Chi ha lavorato sul posto
In prima linea i Vigili del Fuoco del distaccamento di Ostia, impegnati sia nello spegnimento sia nella messa in sicurezza delle bombole. Ha collaborato la Protezione Civile, con propri moduli operativi. Su richiesta dei pompieri, è arrivata anche la Polizia di Roma Capitale del gruppo X Mare, chiamata a verificare lo stato dei luoghi e la presenza di amianto attraverso i suoi uffici competenti in materia ambientale.

La denuncia di Metalli
A sottolineare la portata dell’episodio è Massimiliano Metalli. Il suo affondo si concentra su un punto preciso: il rischio corso da chi è intervenuto e la questione del degrado dell’area. Un’eventuale esplosione delle bombole, scrive, avrebbe potuto trasformare il soccorso in tragedia.
“Non siamo di fronte a un semplice incendio. Siamo davanti alle conseguenze di una situazione di degrado e abusivismo che, da quanto risulta, si protrae da tempo e che oggi ha assunto anche una evidente dimensione di rischio per la sicurezza pubblica e per l’ambiente. L’incendio ha inoltre provocato una significativa diffusione di fumi nell’area circostante, con un potenziale impatto sulla qualità dell’aria e sull’ambiente anche alla luce della presenza di materiali contenenti amianto coinvolti nelle fiamme.

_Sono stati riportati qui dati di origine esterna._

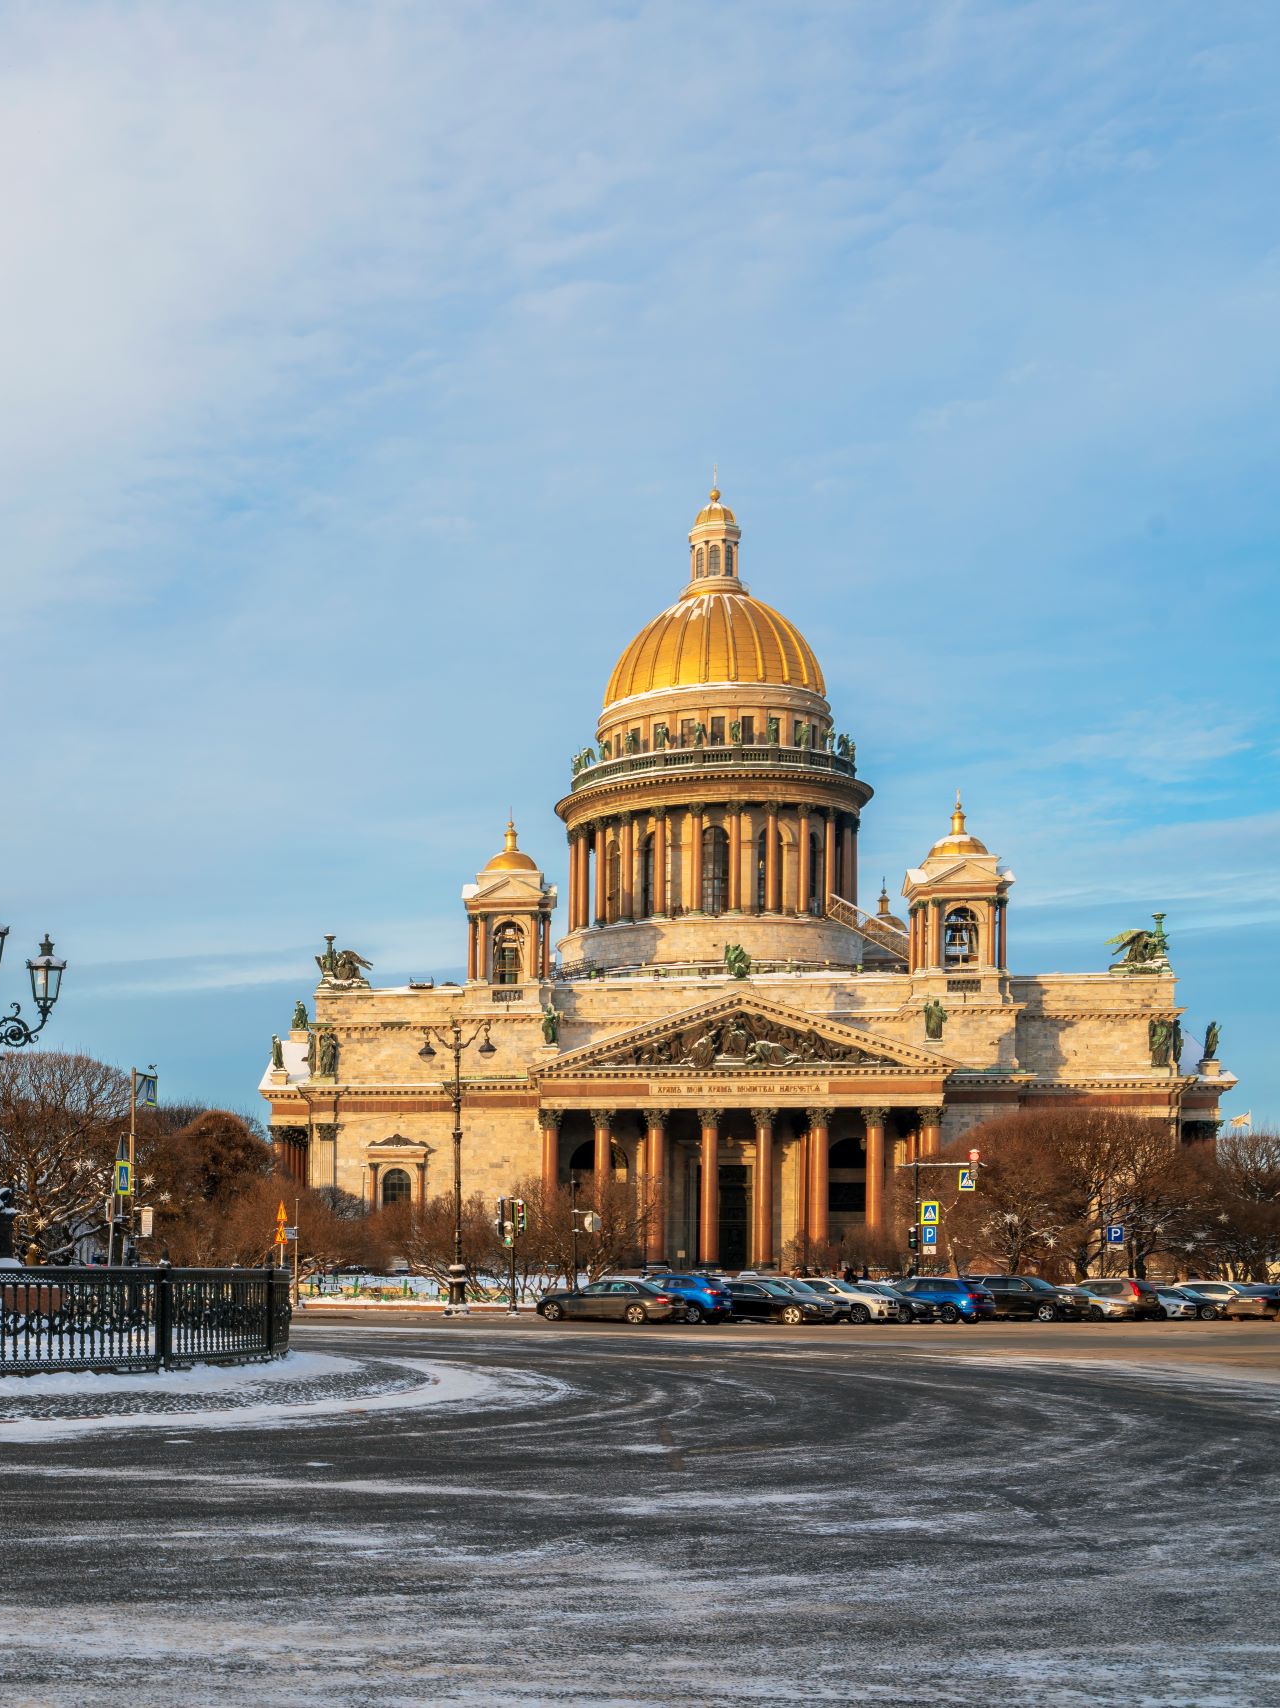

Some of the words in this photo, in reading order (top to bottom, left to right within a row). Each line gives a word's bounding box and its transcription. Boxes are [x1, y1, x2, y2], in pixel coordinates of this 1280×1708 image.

La presenza di baracche abusive, persone che vi dimorano, autovetture abbandonate e persino un’imbarcazione, insieme alla presenza di bombole di GPL e materiali contenenti amianto, pone interrogativi gravissimi che non possono più essere ignorati dalle istituzioni capitoline”.
Di chi è il terreno dell’incendio del Borghetto dei Pescatori?
C’è poi la questione della proprietà . “Se, come risulta da una prima ricostruzione, l’area fosse effettivamente di proprietà del Comune di Roma, la questione assumerebbe una gravità ancora maggiore e sarebbe necessario chiarire immediatamente quali controlli siano stati effettuati, quali provvedimenti siano stati adottati nel corso degli anni e perché una situazione di questo tipo abbia potuto protrarsi”, scrive Metalli.
L’appello diretto al Campidoglio e al Municipio
Il responsabile FDI si rivolge direttamente ai vertici istituzionali. “Ancora una volta chiedo al sindaco di Roma, Roberto Gualtieri, e al presidente del Municipio Roma X, Mario Falconi, di assumersi le proprie responsabilità politiche, amministrative e ambientali. Non è accettabile che in un’area della Capitale possano consolidarsi situazioni di abusivismo e degrado fino ad arrivare a un incendio nel quale i Vigili del Fuoco si sono trovati a operare in presenza di numerose bombole di GPL e di materiali potenzialmente pericolosi come l’amianto. Un’eventuale esplosione avrebbe potuto trasformare l’intervento di soccorso in una tragedia, mettendo a rischio la vita degli stessi operatori intervenuti per spegnere le fiamme e tutelare la popolazione. È necessario smettere di intervenire soltanto quando accade un’emergenza”.
Le richieste concrete
Metalli non si ferma alla denuncia. Chiede atti precisi. Primo: un sopralluogo immediato e un controllo straordinario su tutta l’area, affidato agli organi competenti, per verificare se le strutture presenti siano legittime, chi vi si trovi e quali altri elementi di pericolo esistano. Secondo: accertare con urgenza a chi appartiene l’area e quali responsabilità amministrative siano legate alla mancata rimozione dell’abusivismo e delle condizioni di rischio.
Il Borghetto “Non può diventare una zona franca”
La chiusura non lascia margini di ambiguità . “Il Borghetto dei Pescatori – conclude Metalli – non può diventare una zona franca. Comune di Roma e Municipio X devono intervenire subito, prima che un altro incendio o un’altra emergenza possa trasformarsi in una tragedia. La sicurezza dei cittadini, dell’ambiente e soprattutto degli uomini e delle donne dei Vigili del Fuoco che intervengono quotidianamente per salvarci la vita non può essere subordinata all’inerzia delle istituzioni capitoline”.